## SUPPLIED DATA
┄┄┄┄┄┄┄┄┄┄

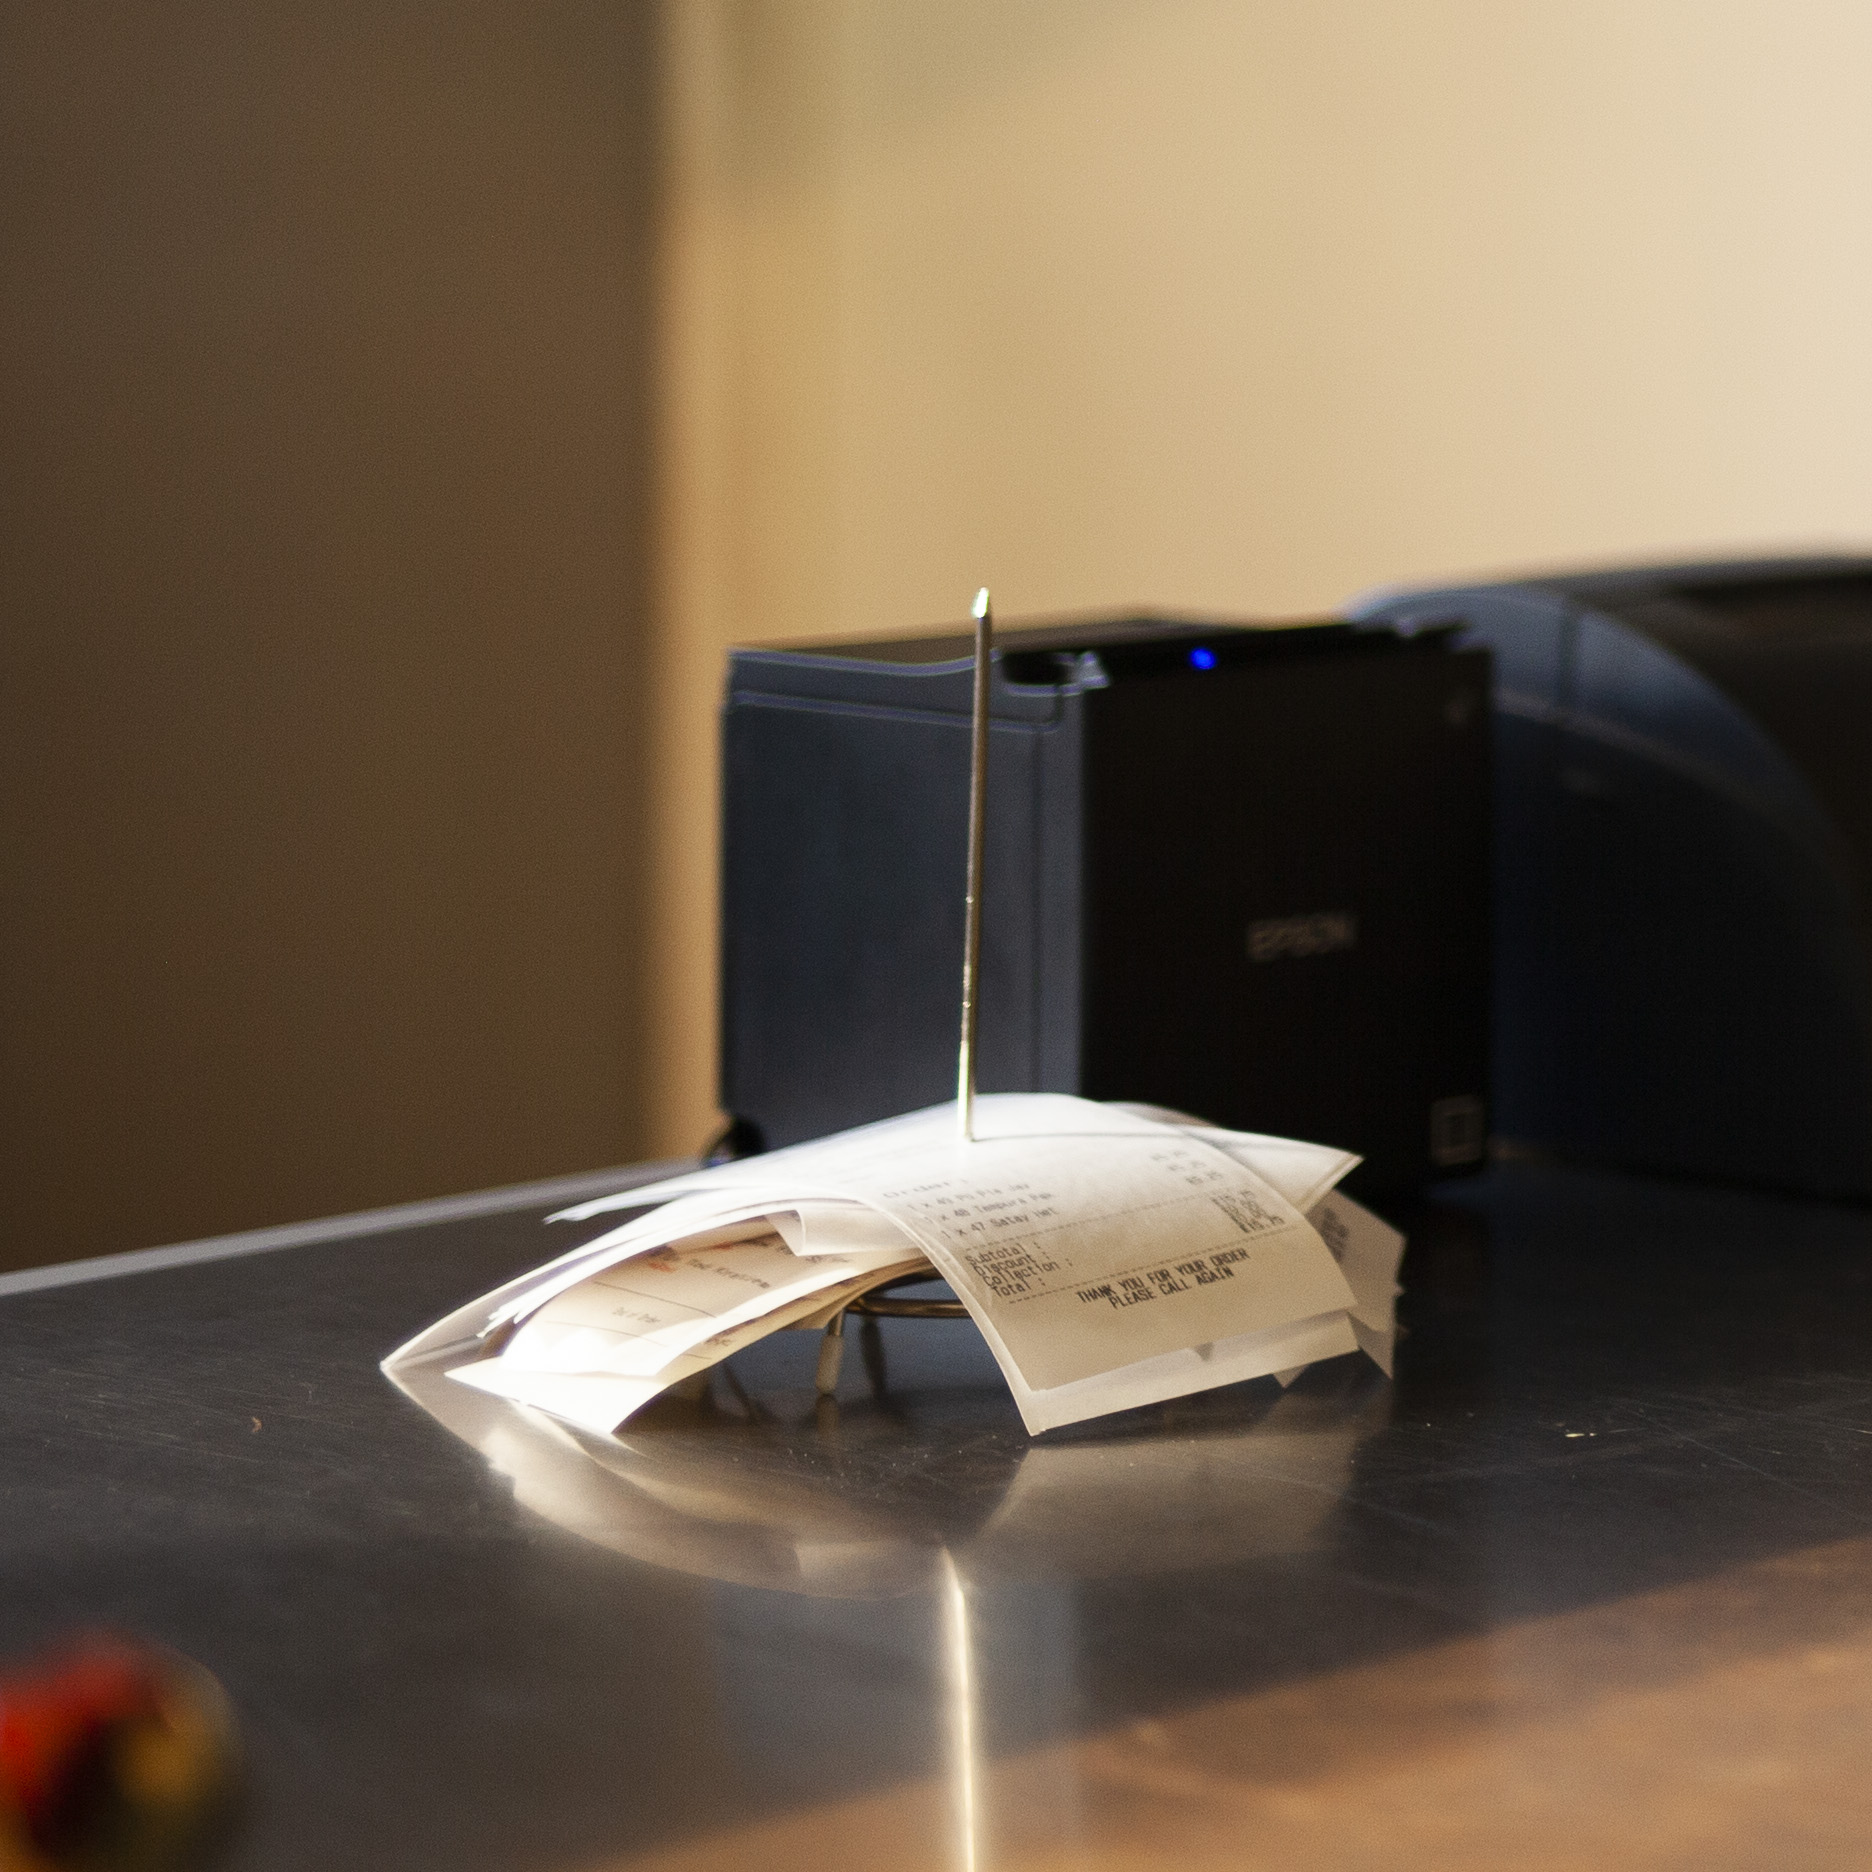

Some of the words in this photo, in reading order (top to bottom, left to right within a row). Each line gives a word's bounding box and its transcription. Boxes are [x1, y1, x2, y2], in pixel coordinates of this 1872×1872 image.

[989, 1213, 1030, 1229] Satay
[965, 1242, 1027, 1267] Subtotal
[973, 1253, 1037, 1278] Discount
[983, 1260, 1061, 1289] Collection
[1076, 1284, 1117, 1304] THANK
[1118, 1276, 1145, 1293] YOU
[1146, 1269, 1171, 1285] FOR
[1174, 1260, 1207, 1277] YOUR
[1209, 1248, 1250, 1268] ORDER
[992, 1279, 1032, 1299] Total
[1108, 1289, 1156, 1310] PLEASE
[1158, 1279, 1192, 1296] CALL
[1195, 1266, 1235, 1286] AGAIN
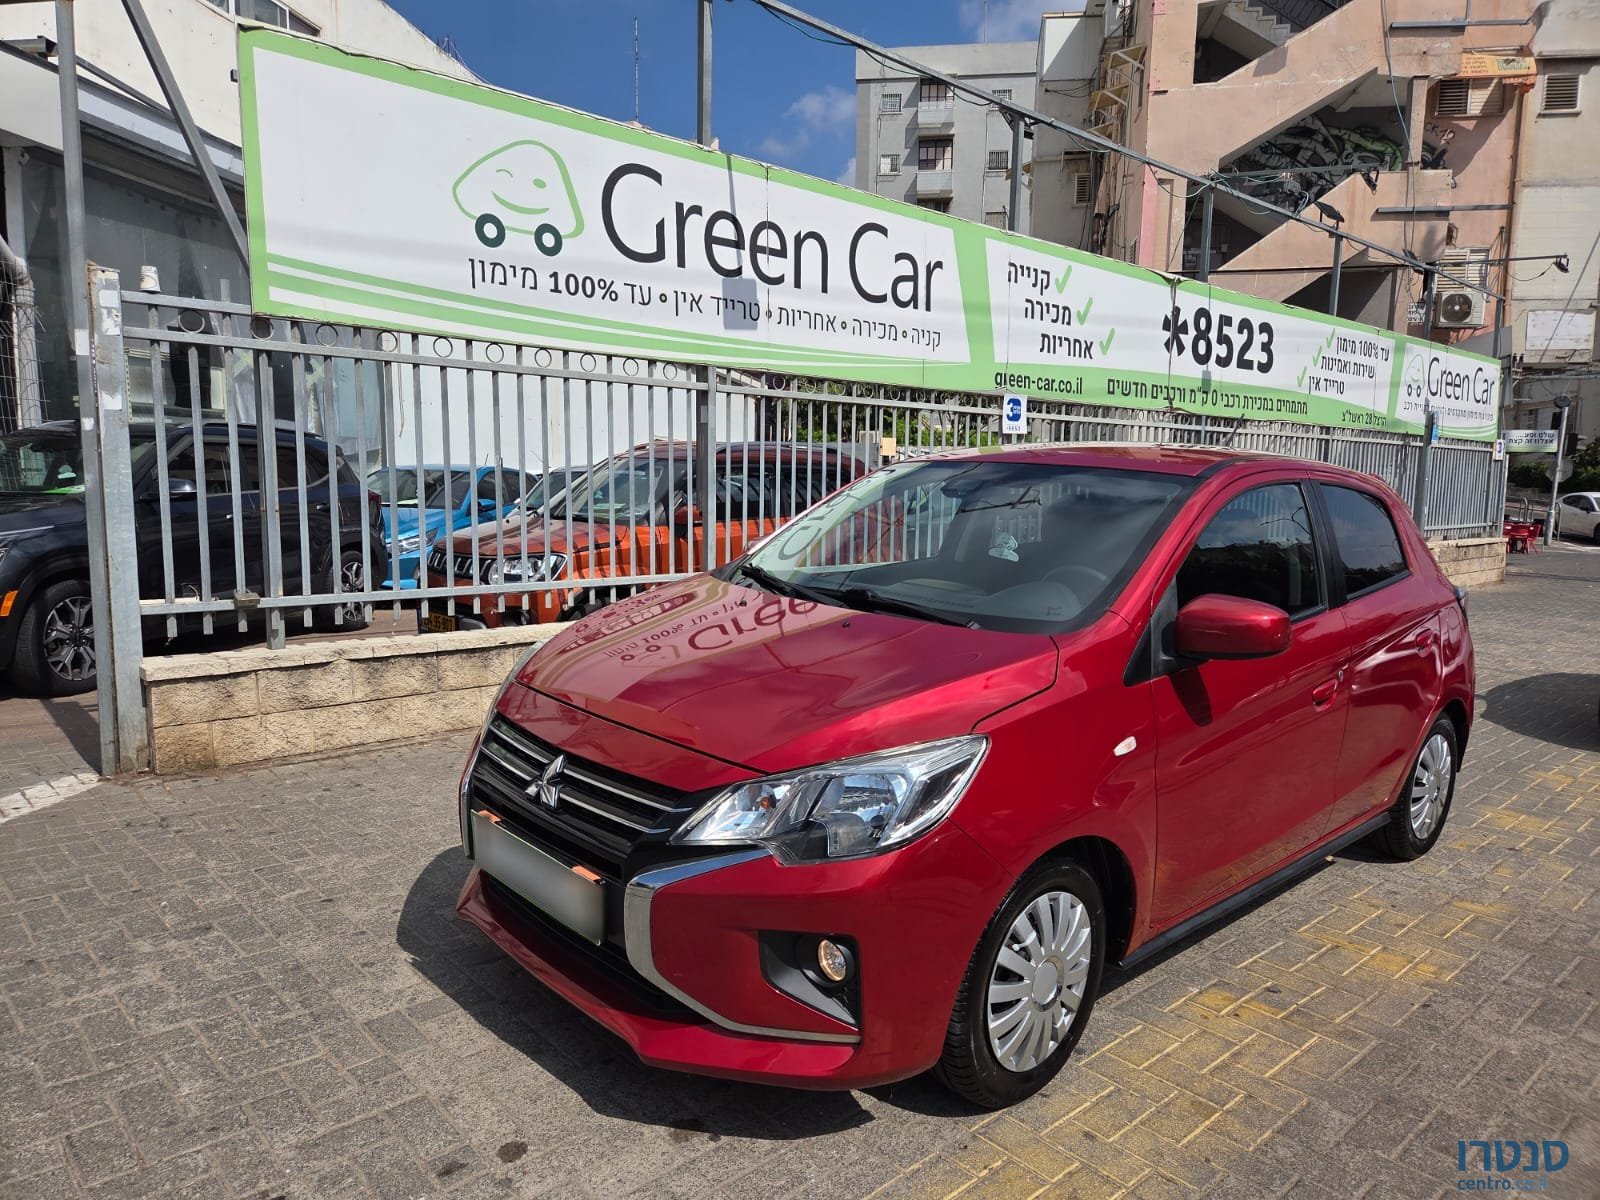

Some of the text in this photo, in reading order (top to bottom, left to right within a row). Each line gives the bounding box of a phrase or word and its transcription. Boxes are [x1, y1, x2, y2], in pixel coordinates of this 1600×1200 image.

[601, 163, 943, 311] Green Car
[1007, 261, 1050, 296] קנייה
[468, 258, 941, 352] קניה מכירה אחריות טרייד אין עד 100% מימון
[1025, 298, 1071, 326] מכירה
[1040, 333, 1093, 359] אחריות
[1336, 336, 1390, 361] עד 100% מימון
[1321, 355, 1375, 379] שירות ואמינות
[1107, 378, 1147, 398] חדשים
[1308, 375, 1344, 394] טרייד אין
[1428, 356, 1495, 405] Green Car
[1152, 384, 1185, 403] ורכבים
[1211, 389, 1217, 406] 0
[1220, 392, 1240, 408] רכבי
[1243, 395, 1273, 411] במכירת
[1277, 399, 1308, 415] מתמחים

┄┄┄┄┄┄┄┄┄┄

Only this range is to be output: the line that contains "Some of the text" through the last line of the records above, both inclusive.

## EXPECTED OUTPUT
Some of the text in this photo, in reading order (top to bottom, left to right within a row). Each line gives the bounding box of a phrase or word and its transcription. Boxes are [x1, y1, x2, y2], in pixel coordinates of this 1600×1200 image.

[601, 163, 943, 311] Green Car
[1007, 261, 1050, 296] קנייה
[468, 258, 941, 352] קניה מכירה אחריות טרייד אין עד 100% מימון
[1025, 298, 1071, 326] מכירה
[1040, 333, 1093, 359] אחריות
[1336, 336, 1390, 361] עד 100% מימון
[1321, 355, 1375, 379] שירות ואמינות
[1107, 378, 1147, 398] חדשים
[1308, 375, 1344, 394] טרייד אין
[1428, 356, 1495, 405] Green Car
[1152, 384, 1185, 403] ורכבים
[1211, 389, 1217, 406] 0
[1220, 392, 1240, 408] רכבי
[1243, 395, 1273, 411] במכירת
[1277, 399, 1308, 415] מתמחים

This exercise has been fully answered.